Start of Records for processing

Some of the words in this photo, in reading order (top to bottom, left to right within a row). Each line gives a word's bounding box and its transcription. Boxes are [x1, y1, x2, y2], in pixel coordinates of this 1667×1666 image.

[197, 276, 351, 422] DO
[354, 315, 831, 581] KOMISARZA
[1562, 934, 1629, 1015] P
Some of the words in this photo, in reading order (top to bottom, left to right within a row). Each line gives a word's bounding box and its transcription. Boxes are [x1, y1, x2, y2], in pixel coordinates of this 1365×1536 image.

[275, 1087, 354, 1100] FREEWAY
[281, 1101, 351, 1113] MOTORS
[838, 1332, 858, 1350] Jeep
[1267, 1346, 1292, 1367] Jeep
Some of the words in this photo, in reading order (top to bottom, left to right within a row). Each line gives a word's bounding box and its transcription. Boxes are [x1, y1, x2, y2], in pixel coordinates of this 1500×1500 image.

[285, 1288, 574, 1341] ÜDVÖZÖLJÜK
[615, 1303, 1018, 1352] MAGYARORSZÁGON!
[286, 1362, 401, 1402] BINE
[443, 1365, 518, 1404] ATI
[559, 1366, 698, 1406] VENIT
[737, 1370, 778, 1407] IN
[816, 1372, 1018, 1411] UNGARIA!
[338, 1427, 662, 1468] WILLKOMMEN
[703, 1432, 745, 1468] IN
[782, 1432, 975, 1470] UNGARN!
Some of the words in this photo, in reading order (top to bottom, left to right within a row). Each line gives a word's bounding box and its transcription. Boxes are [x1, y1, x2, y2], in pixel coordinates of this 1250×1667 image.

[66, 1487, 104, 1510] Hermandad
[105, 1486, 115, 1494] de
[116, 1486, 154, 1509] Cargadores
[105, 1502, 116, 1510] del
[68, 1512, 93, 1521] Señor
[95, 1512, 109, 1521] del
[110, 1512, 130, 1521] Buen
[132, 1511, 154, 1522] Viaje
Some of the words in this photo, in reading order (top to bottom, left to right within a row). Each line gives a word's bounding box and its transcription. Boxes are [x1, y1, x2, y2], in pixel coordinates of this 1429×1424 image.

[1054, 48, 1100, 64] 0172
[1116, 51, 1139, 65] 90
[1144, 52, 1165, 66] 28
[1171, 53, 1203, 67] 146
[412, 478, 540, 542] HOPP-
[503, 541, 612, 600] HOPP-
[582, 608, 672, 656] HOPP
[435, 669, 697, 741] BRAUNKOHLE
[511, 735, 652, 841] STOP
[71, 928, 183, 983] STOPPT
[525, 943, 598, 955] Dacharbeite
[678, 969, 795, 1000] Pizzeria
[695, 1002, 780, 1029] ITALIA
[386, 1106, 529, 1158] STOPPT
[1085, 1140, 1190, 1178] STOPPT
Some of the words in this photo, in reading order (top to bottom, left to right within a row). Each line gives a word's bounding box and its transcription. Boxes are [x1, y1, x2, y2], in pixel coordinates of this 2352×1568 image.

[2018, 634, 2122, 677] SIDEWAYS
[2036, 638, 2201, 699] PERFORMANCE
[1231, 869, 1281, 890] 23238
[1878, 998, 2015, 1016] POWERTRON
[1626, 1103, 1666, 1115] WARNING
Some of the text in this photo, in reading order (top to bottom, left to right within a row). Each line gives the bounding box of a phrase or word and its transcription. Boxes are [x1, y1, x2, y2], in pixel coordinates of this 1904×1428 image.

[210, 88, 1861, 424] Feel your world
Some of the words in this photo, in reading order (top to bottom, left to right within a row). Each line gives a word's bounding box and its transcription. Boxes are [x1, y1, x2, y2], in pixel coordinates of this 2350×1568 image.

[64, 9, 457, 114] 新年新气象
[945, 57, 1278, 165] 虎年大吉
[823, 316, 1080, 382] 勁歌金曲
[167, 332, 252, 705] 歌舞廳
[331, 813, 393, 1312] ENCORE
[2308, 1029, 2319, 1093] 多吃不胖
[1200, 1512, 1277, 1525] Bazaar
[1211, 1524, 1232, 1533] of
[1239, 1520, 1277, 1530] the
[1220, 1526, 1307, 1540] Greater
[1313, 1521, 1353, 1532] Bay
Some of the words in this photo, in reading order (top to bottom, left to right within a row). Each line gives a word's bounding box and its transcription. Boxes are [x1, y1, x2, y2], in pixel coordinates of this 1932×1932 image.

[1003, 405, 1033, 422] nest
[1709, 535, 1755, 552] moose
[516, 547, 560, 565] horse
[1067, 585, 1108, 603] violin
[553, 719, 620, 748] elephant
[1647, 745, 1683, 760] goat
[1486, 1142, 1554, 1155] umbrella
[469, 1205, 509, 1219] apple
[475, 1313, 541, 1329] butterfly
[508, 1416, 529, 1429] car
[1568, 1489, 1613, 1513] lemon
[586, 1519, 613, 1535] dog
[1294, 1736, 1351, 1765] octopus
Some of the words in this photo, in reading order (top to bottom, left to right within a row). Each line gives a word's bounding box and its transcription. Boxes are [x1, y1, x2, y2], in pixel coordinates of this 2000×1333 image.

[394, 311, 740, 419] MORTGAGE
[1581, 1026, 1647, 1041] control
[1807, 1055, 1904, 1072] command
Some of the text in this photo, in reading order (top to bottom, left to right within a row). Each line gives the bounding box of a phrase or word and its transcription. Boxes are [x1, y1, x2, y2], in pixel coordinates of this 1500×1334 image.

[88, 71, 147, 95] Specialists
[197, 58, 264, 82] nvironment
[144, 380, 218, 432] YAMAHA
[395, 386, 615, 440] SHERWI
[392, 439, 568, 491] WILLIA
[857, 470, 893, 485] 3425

End of Records for processing

== What you are asked to do ==
Write out all of the records above exactly as they appear.

== Finished exercise ==
Some of the words in this photo, in reading order (top to bottom, left to right within a row). Each line gives a word's bounding box and its transcription. Boxes are [x1, y1, x2, y2], in pixel coordinates of this 1667×1666 image.

[197, 276, 351, 422] DO
[354, 315, 831, 581] KOMISARZA
[1562, 934, 1629, 1015] P
Some of the words in this photo, in reading order (top to bottom, left to right within a row). Each line gives a word's bounding box and its transcription. Boxes are [x1, y1, x2, y2], in pixel coordinates of this 1365×1536 image.

[275, 1087, 354, 1100] FREEWAY
[281, 1101, 351, 1113] MOTORS
[838, 1332, 858, 1350] Jeep
[1267, 1346, 1292, 1367] Jeep
Some of the words in this photo, in reading order (top to bottom, left to right within a row). Each line gives a word's bounding box and its transcription. Boxes are [x1, y1, x2, y2], in pixel coordinates of this 1500×1500 image.

[285, 1288, 574, 1341] ÜDVÖZÖLJÜK
[615, 1303, 1018, 1352] MAGYARORSZÁGON!
[286, 1362, 401, 1402] BINE
[443, 1365, 518, 1404] ATI
[559, 1366, 698, 1406] VENIT
[737, 1370, 778, 1407] IN
[816, 1372, 1018, 1411] UNGARIA!
[338, 1427, 662, 1468] WILLKOMMEN
[703, 1432, 745, 1468] IN
[782, 1432, 975, 1470] UNGARN!
Some of the words in this photo, in reading order (top to bottom, left to right within a row). Each line gives a word's bounding box and its transcription. Boxes are [x1, y1, x2, y2], in pixel coordinates of this 1250×1667 image.

[66, 1487, 104, 1510] Hermandad
[105, 1486, 115, 1494] de
[116, 1486, 154, 1509] Cargadores
[105, 1502, 116, 1510] del
[68, 1512, 93, 1521] Señor
[95, 1512, 109, 1521] del
[110, 1512, 130, 1521] Buen
[132, 1511, 154, 1522] Viaje
Some of the words in this photo, in reading order (top to bottom, left to right within a row). Each line gives a word's bounding box and its transcription. Boxes are [x1, y1, x2, y2], in pixel coordinates of this 1429×1424 image.

[1054, 48, 1100, 64] 0172
[1116, 51, 1139, 65] 90
[1144, 52, 1165, 66] 28
[1171, 53, 1203, 67] 146
[412, 478, 540, 542] HOPP-
[503, 541, 612, 600] HOPP-
[582, 608, 672, 656] HOPP
[435, 669, 697, 741] BRAUNKOHLE
[511, 735, 652, 841] STOP
[71, 928, 183, 983] STOPPT
[525, 943, 598, 955] Dacharbeite
[678, 969, 795, 1000] Pizzeria
[695, 1002, 780, 1029] ITALIA
[386, 1106, 529, 1158] STOPPT
[1085, 1140, 1190, 1178] STOPPT
Some of the words in this photo, in reading order (top to bottom, left to right within a row). Each line gives a word's bounding box and its transcription. Boxes are [x1, y1, x2, y2], in pixel coordinates of this 2352×1568 image.

[2018, 634, 2122, 677] SIDEWAYS
[2036, 638, 2201, 699] PERFORMANCE
[1231, 869, 1281, 890] 23238
[1878, 998, 2015, 1016] POWERTRON
[1626, 1103, 1666, 1115] WARNING
Some of the text in this photo, in reading order (top to bottom, left to right within a row). Each line gives the bounding box of a phrase or word and its transcription. Boxes are [x1, y1, x2, y2], in pixel coordinates of this 1904×1428 image.

[210, 88, 1861, 424] Feel your world
Some of the words in this photo, in reading order (top to bottom, left to right within a row). Each line gives a word's bounding box and its transcription. Boxes are [x1, y1, x2, y2], in pixel coordinates of this 2350×1568 image.

[64, 9, 457, 114] 新年新气象
[945, 57, 1278, 165] 虎年大吉
[823, 316, 1080, 382] 勁歌金曲
[167, 332, 252, 705] 歌舞廳
[331, 813, 393, 1312] ENCORE
[2308, 1029, 2319, 1093] 多吃不胖
[1200, 1512, 1277, 1525] Bazaar
[1211, 1524, 1232, 1533] of
[1239, 1520, 1277, 1530] the
[1220, 1526, 1307, 1540] Greater
[1313, 1521, 1353, 1532] Bay
Some of the words in this photo, in reading order (top to bottom, left to right within a row). Each line gives a word's bounding box and its transcription. Boxes are [x1, y1, x2, y2], in pixel coordinates of this 1932×1932 image.

[1003, 405, 1033, 422] nest
[1709, 535, 1755, 552] moose
[516, 547, 560, 565] horse
[1067, 585, 1108, 603] violin
[553, 719, 620, 748] elephant
[1647, 745, 1683, 760] goat
[1486, 1142, 1554, 1155] umbrella
[469, 1205, 509, 1219] apple
[475, 1313, 541, 1329] butterfly
[508, 1416, 529, 1429] car
[1568, 1489, 1613, 1513] lemon
[586, 1519, 613, 1535] dog
[1294, 1736, 1351, 1765] octopus
Some of the words in this photo, in reading order (top to bottom, left to right within a row). Each line gives a word's bounding box and its transcription. Boxes are [x1, y1, x2, y2], in pixel coordinates of this 2000×1333 image.

[394, 311, 740, 419] MORTGAGE
[1581, 1026, 1647, 1041] control
[1807, 1055, 1904, 1072] command
Some of the text in this photo, in reading order (top to bottom, left to right within a row). Each line gives the bounding box of a phrase or word and its transcription. Boxes are [x1, y1, x2, y2], in pixel coordinates of this 1500×1334 image.

[88, 71, 147, 95] Specialists
[197, 58, 264, 82] nvironment
[144, 380, 218, 432] YAMAHA
[395, 386, 615, 440] SHERWI
[392, 439, 568, 491] WILLIA
[857, 470, 893, 485] 3425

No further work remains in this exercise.